Unlike other renewable-energy sources, the emerging geothermal sector has received little direct support from the federal government. By the time Fervo had demonstrated it could frack for geothermal energy, the Biden administration had already passed two monumental climate-spending laws, which directed billions of dollars toward technologies such as solar, wind, and nuclear power, but just $84 million for early-stage geothermal. Companies such Fervo and Sage could still benefit, though, from tax credits for producing zero-carbon electricity, if Republicans in Congress don't repeal key parts of Biden's Inflation Reduction Act.
'I don't know where that's going,' Representative Celeste Maloy, the Utah Republican in whose district Fervo is building its first large-scale plant, told me. But she said slashing the requirements for obtaining federal permits—which her party is eager to do—could give the industry enough of a boost that 'it almost doesn't matter what happens to the IRA incentives.' (No company has made that case to her, she allowed.)

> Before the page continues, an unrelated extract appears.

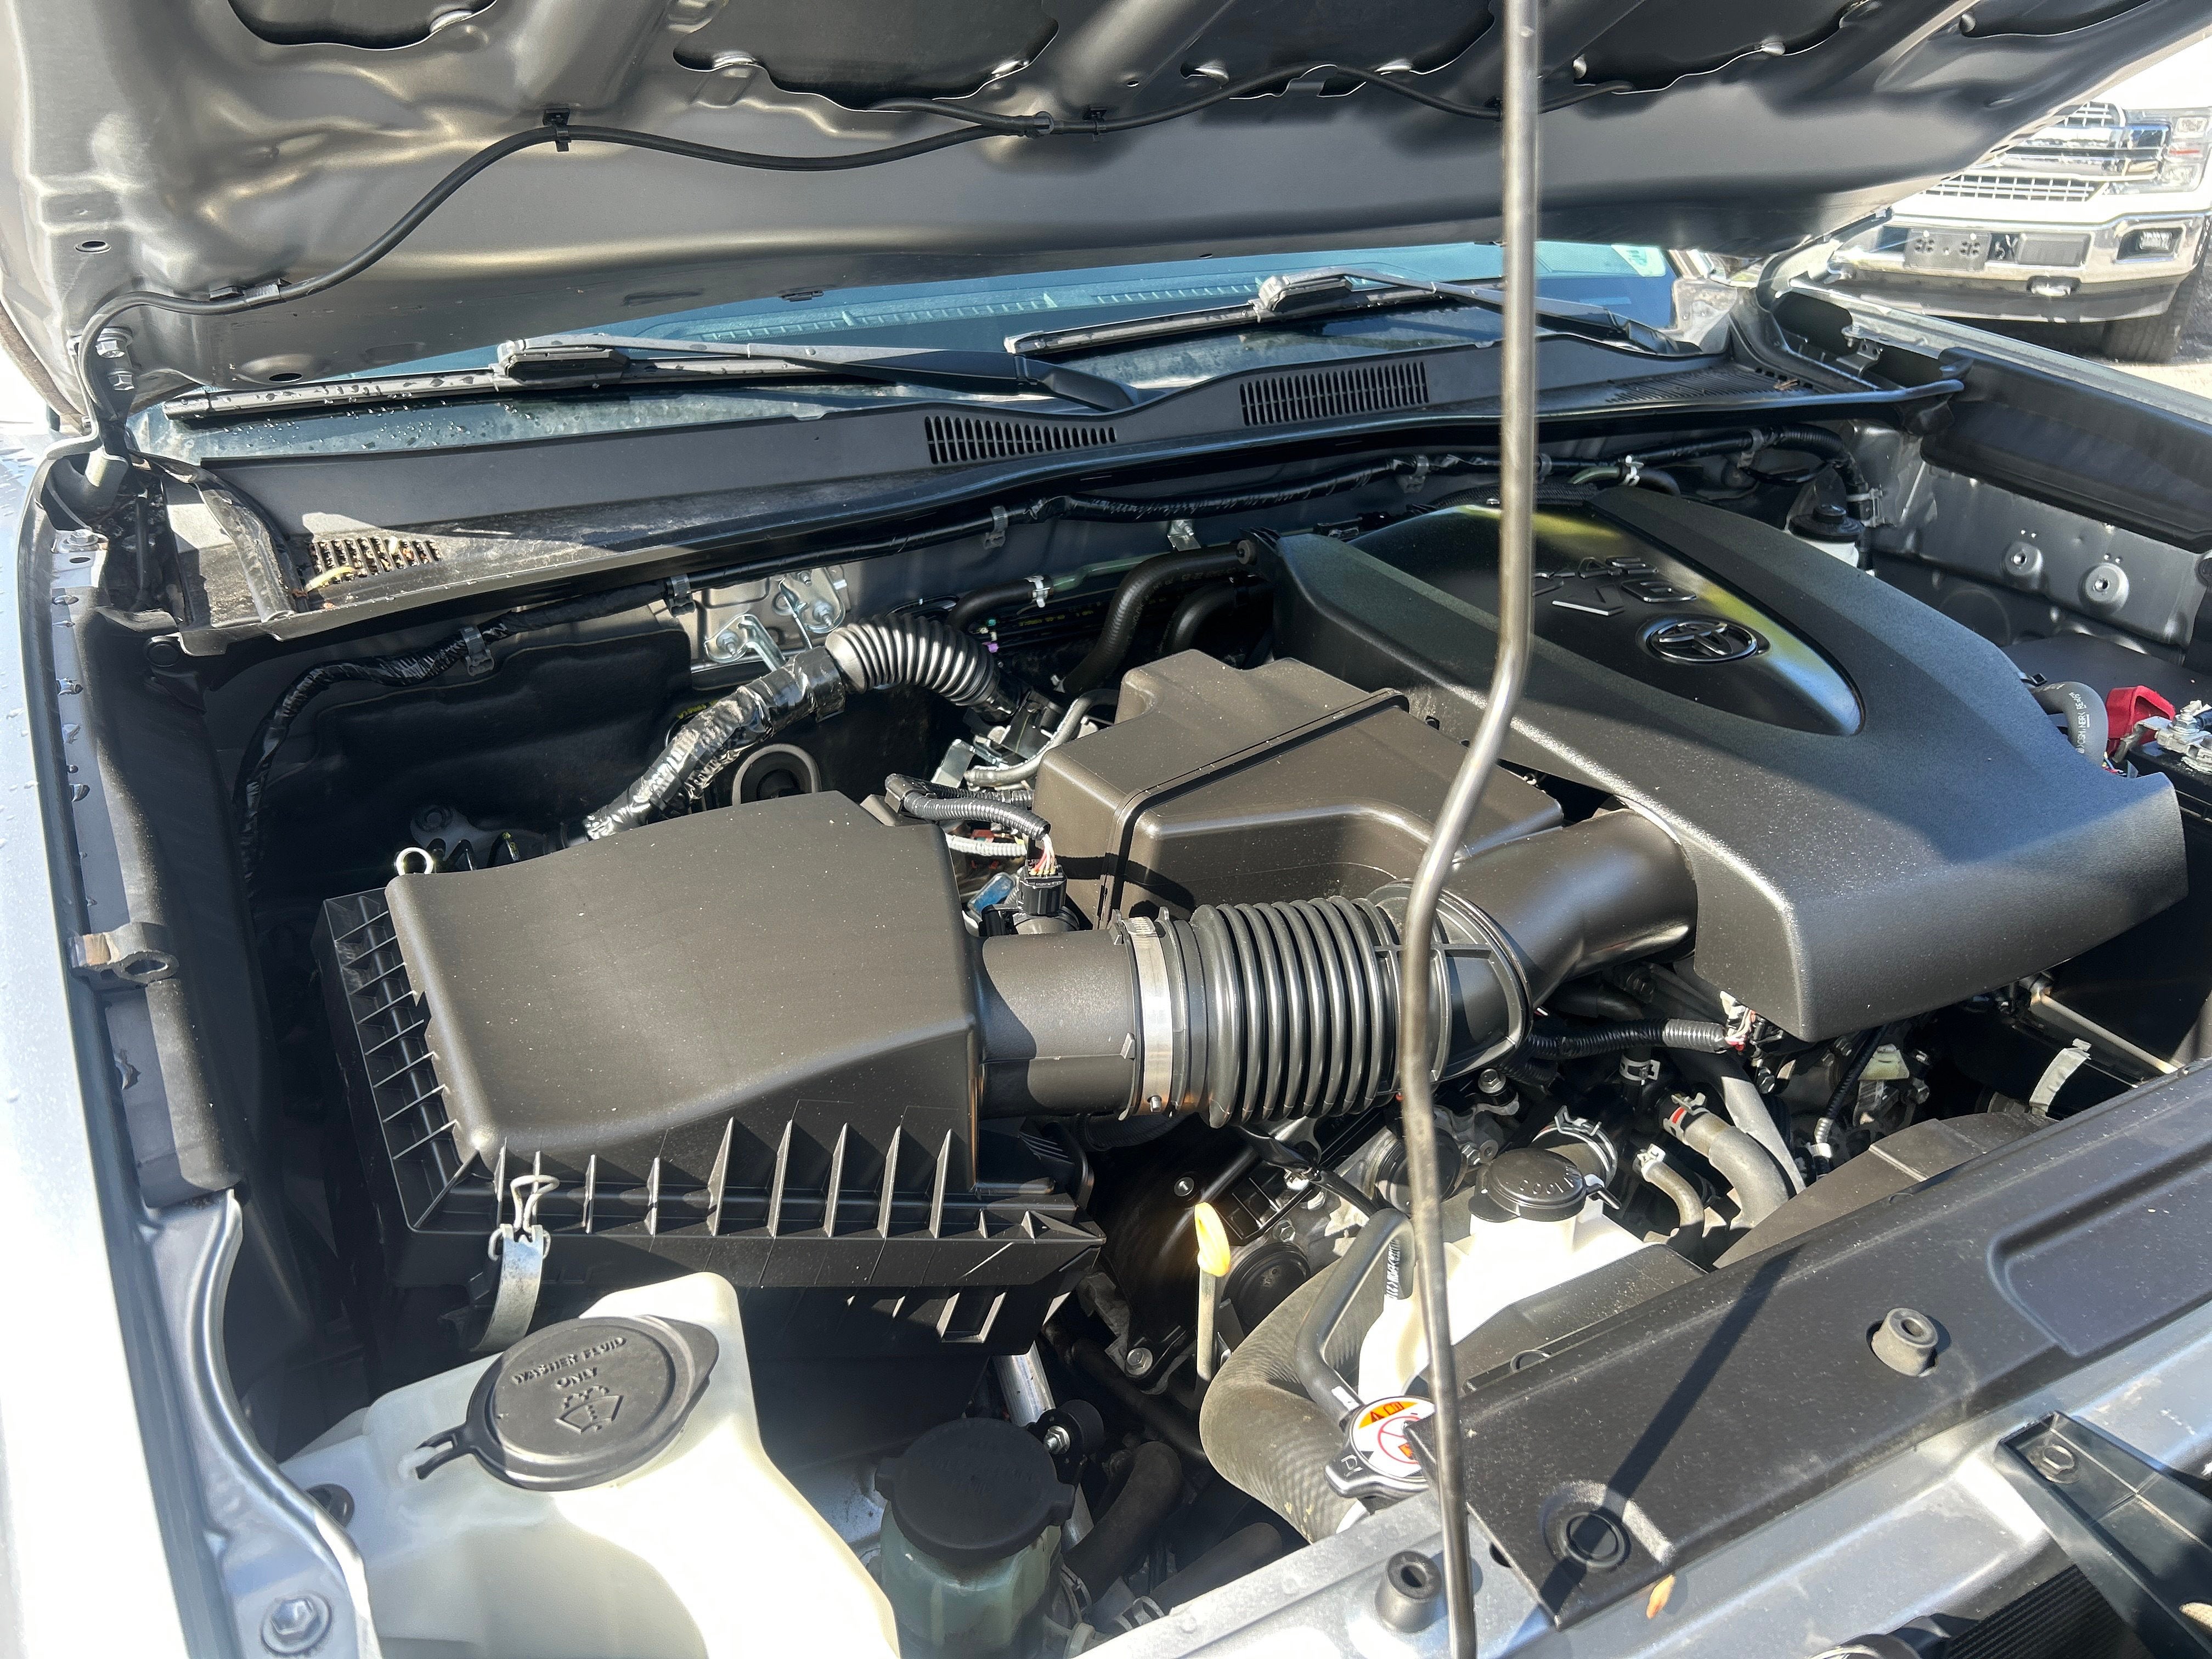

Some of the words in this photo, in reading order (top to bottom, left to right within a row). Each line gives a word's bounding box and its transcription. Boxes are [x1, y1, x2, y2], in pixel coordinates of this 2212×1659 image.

[1551, 579, 1697, 616] V6
[511, 1353, 579, 1385] WASHER
[580, 1336, 627, 1362] FLUID
[555, 1367, 598, 1390] ONLY

Like any energy industry, geothermal has external costs that could become bigger issues as it grows. In 2017, an early experiment in enhanced geothermal energy in South Korea triggered a serious earthquake. (Earthquakes doubled in Texas in 2021 thanks to oil and gas companies injecting sludgy wastewater into underground wells.) Locations with particularly good hot-rock resources could end up overlapping with threatened species, just as one of the nation's biggest lithium projects ran up against an endangered wildflower or one of California's largest solar farms put tortoises at risk. Environmentalists primed to see anything with Big Oil's fingerprints on it as suspicious will find plenty of connections between this industry and fossil-fuel companies. And, as the industry scales up, it will use larger volumes of water.
Fervo, for one, has been pushing to use water too brackish for agricultural or municipal purposes, Tim Latimer, Fervo's chief executive, told me: 'So we're not really fighting with people over water even though we're in the western desert.' Other companies, such as XGS Energy, are boring more conventional wells and keeping water contained in closed-loop pipes, eliminating the risk of losing any water at all in the process.

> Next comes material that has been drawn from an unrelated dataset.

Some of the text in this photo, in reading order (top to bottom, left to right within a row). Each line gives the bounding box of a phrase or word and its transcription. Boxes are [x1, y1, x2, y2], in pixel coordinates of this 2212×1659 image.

Electricity has to come from somewhere, though, and as demand surges, the Trump administration is winning over support even from some Democrats to keep coal plants open longer. Meanwhile, gas power plants are expanding. To keep the lights on—while keeping utility bills and global temperatures down as much as possible—the country will need to employ all available resources of clean power, and perhaps especially those the current administration is willing to support.